Palazzo della Cancelleria of Rome

- the building allocated to host the Apostolic Registry and the tribunal of the Sacra Rota.

Palazzo della Cancelleria

Palazzo della CancelleriaThe building of the "Palazzo della Cancelleria" along what is nowadays "Corso Vittorio Emanuele II" of Rome, was desired by the Cardinal Raffaele Riario with the contribution of the other nephew of Sisto IV, the Pontiff Giulio II della Rovere, and is probably dating back to the period going from 1483 to 1513 after Christ.

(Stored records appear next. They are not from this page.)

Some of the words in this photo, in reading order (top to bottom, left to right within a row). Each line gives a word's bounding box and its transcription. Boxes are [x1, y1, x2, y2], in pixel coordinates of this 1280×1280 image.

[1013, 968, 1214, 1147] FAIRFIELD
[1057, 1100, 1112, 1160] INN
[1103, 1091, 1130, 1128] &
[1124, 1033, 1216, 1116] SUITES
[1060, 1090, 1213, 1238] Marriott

For a long time considered as a work of Bramante, nowadays it is considered that more probably the overall project of the edifice is from Andrea Bregno who had already executed for the powerful roman family the tombs of the cardinals Cristoforo and Domenico located in the church of Santa Maria del Popolo.
According to this new critical position, Bramante would have contributed to the design of the "Palazzo della Cancelleria" with the definition of some prospects of the fašade and the projects of the internal court and church; in addition to these architectonic elements having a particular interest, we should had the cardinal rooms on the noble floor, the gate in the internal loggia, the "aula magna" called "Riaria Room" or "Room of Riario" and the "Living room of the one hundred days" decorated by Vasari with the painting cycle of the "Facts of the life of Paolo III Farnese".
Concerning this area, whose name is coming from the fact that the artist would have claimed to have painted the frescoes in only one hundred days, it is said that Michelangelo gave his opinion about the work through a laconic "and one can see".
After the confiscation to Riario in 1517 after Christ, provoked by the participation of this one to the high treason against Pope Leone X, the palace was given to the vice-clerk of the Saint Church the Cardinal Giuliano de' Medici, becoming afterwards the definitive headquarter of the ecclesiastic institution that gives its name to the structure itself. Even though it was for short periods, the edifice has been allocated to host between 1809 and 1814 the Napoleonic Imperial Court, as it is testified by a writing on the fašade, in 1848 the Roman parliament and, the year after, the headquarter of the Constituent Assembly of the Roman Republic, nowadays it hosts the Apostolic Registry with the tribunal of the Sacra Rota benefiting from the extraterritoriality right recognised by the "Lateranensi Pacts" to the Church for some residences far away from the Vatican City.